> **Exercise**
A verbatim copy of every record is required, and no pictures should be included.

> **Data section**
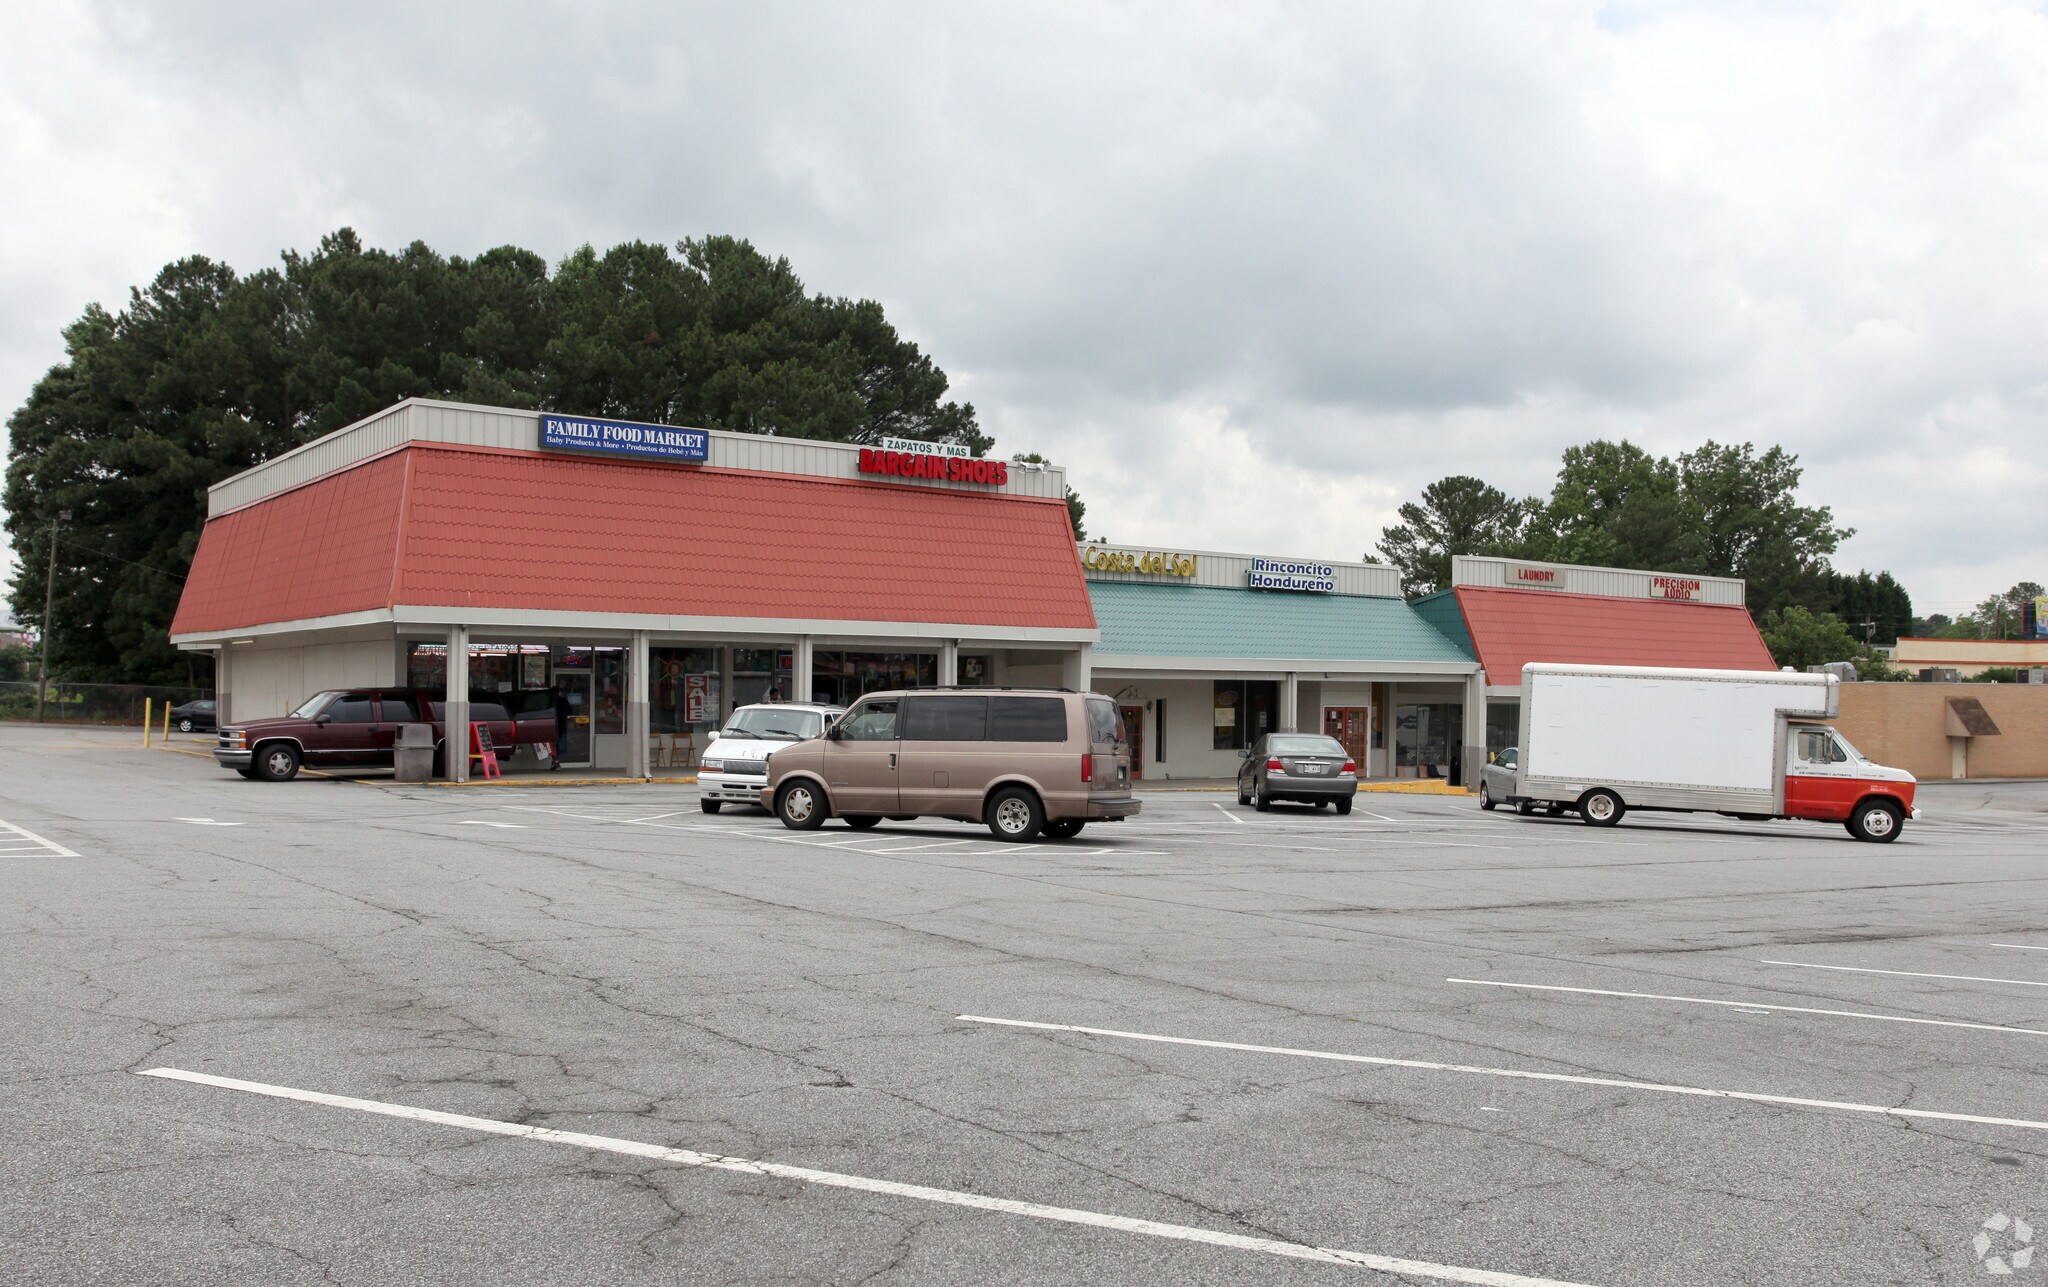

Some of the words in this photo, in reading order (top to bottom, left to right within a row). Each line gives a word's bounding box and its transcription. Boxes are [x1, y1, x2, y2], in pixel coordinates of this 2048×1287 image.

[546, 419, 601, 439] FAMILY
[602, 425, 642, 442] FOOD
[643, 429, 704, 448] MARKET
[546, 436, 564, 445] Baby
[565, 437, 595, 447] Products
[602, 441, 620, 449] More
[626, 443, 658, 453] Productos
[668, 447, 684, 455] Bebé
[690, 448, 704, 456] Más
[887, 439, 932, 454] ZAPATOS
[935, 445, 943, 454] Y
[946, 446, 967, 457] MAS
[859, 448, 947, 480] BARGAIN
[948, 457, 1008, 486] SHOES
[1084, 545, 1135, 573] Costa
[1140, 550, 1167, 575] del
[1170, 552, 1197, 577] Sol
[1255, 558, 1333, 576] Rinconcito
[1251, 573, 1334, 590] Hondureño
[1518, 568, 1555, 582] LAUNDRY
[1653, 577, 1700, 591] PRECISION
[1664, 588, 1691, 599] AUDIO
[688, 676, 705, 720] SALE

> **Exercise response**
Some of the words in this photo, in reading order (top to bottom, left to right within a row). Each line gives a word's bounding box and its transcription. Boxes are [x1, y1, x2, y2], in pixel coordinates of this 2048×1287 image.

[546, 419, 601, 439] FAMILY
[602, 425, 642, 442] FOOD
[643, 429, 704, 448] MARKET
[546, 436, 564, 445] Baby
[565, 437, 595, 447] Products
[602, 441, 620, 449] More
[626, 443, 658, 453] Productos
[668, 447, 684, 455] Bebé
[690, 448, 704, 456] Más
[887, 439, 932, 454] ZAPATOS
[935, 445, 943, 454] Y
[946, 446, 967, 457] MAS
[859, 448, 947, 480] BARGAIN
[948, 457, 1008, 486] SHOES
[1084, 545, 1135, 573] Costa
[1140, 550, 1167, 575] del
[1170, 552, 1197, 577] Sol
[1255, 558, 1333, 576] Rinconcito
[1251, 573, 1334, 590] Hondureño
[1518, 568, 1555, 582] LAUNDRY
[1653, 577, 1700, 591] PRECISION
[1664, 588, 1691, 599] AUDIO
[688, 676, 705, 720] SALE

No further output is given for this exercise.